Andreikėnai hillfort

Andreikėnai hillfort or Juozapota mountain is a hillfort in the territory of Utena district municipality, Utena neighborhood, near Andreikėnai village. Accessible from the road Kvykliai-Andreikėnai going for 2km from the junction in Kvykliai; it is on the right southward from the road, on the north-east outskirt of the forest.

The hillfort was built on the northern end of a separate big hill. The site is quadrangular, prolonged in the south-north direction, 82x21m, the northern edge 2m higher. There were found burnt bricks, some iron slag, brushed and smooth pottery. On the northern slope, 1m below the site, there is a terrace, 11m wide, 1m below which there is another terrace, 4m wide. On the southern slope there is a terrace of 9m width. The eastern and western slopes are steep, 25m high, the end slopes are more incline and lower.

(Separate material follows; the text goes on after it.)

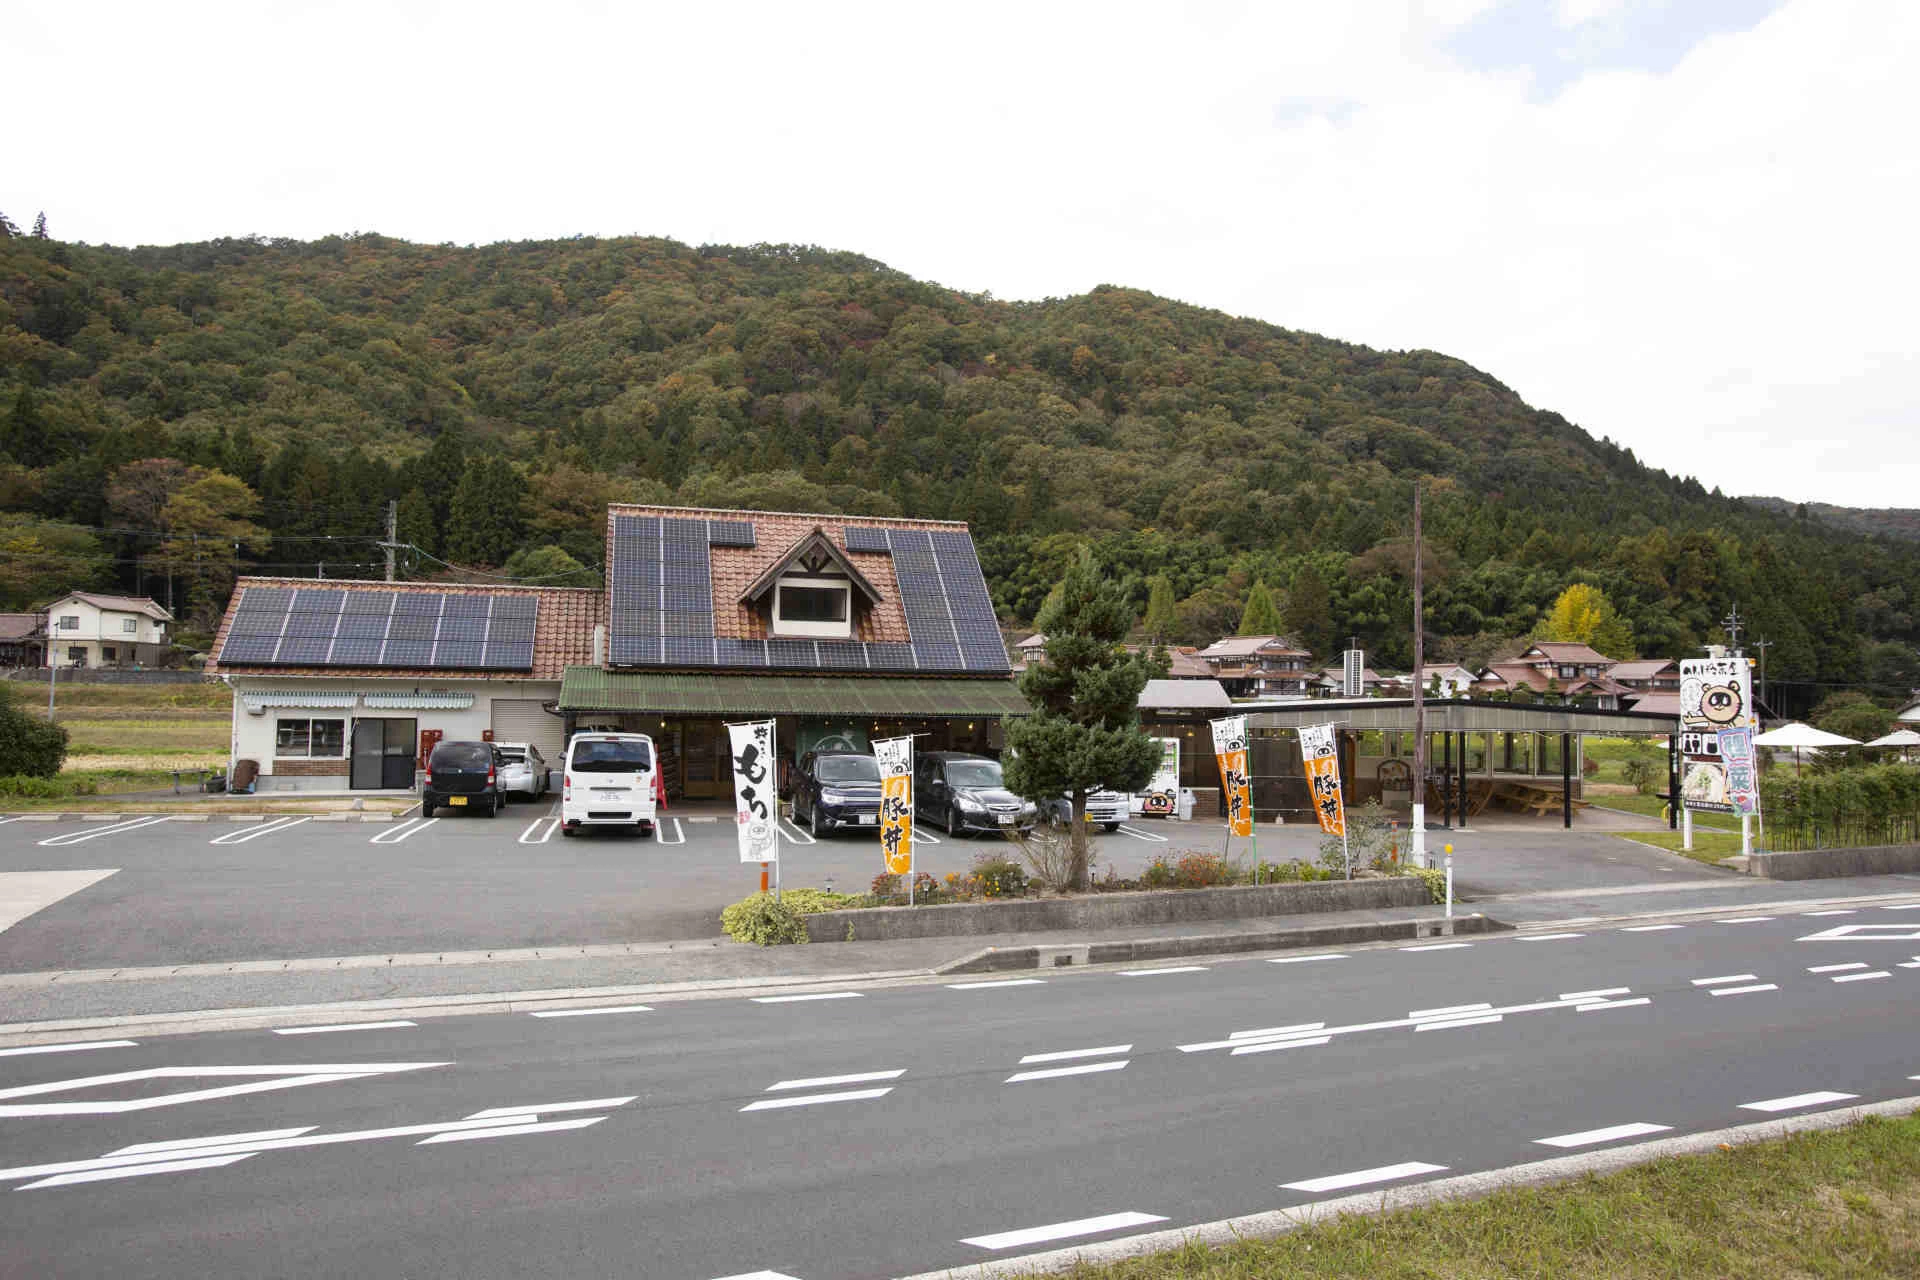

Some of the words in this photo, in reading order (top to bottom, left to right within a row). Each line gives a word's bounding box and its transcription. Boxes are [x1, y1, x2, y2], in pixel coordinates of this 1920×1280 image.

The hillfort is severely damaged by ploughing; there is a road going to the site from the south-east.  The site lies waste; the slopes are overgrown with pines. The hillfort dates back to the I millennium BC – the beginning of the I millennium AD. 

At the eastern foothill in the area of 0.2ha there is a foothill settlement.

In this hillfort people were used to be buried: skeletal graves with or without cerements; the graves have been damaged by various earthworks; it is recorded that during the interwar years people‘s bones were washed out from the foot slope; as local people claim, on the northern slope there used to stand a wooden cross, while others remember that there used to be a chapel. 

Legend about Andreikėnai hillfort 

In the village of Andreikėnai there is a hillfort with such high and steep slopes. Earlier there wasn‘t any mountain. Once a bishop was travelling past this place toward Kvykliai. The horses took fright and the carriage turned over. And in that carriage there was a lot of golden money and jewels. The bishop together with the carriage got through the earth in the very place where the carriage had turned over. And there a big mountain emerged. Even now people say that sometimes at night you can see the bishop‘s money glittering.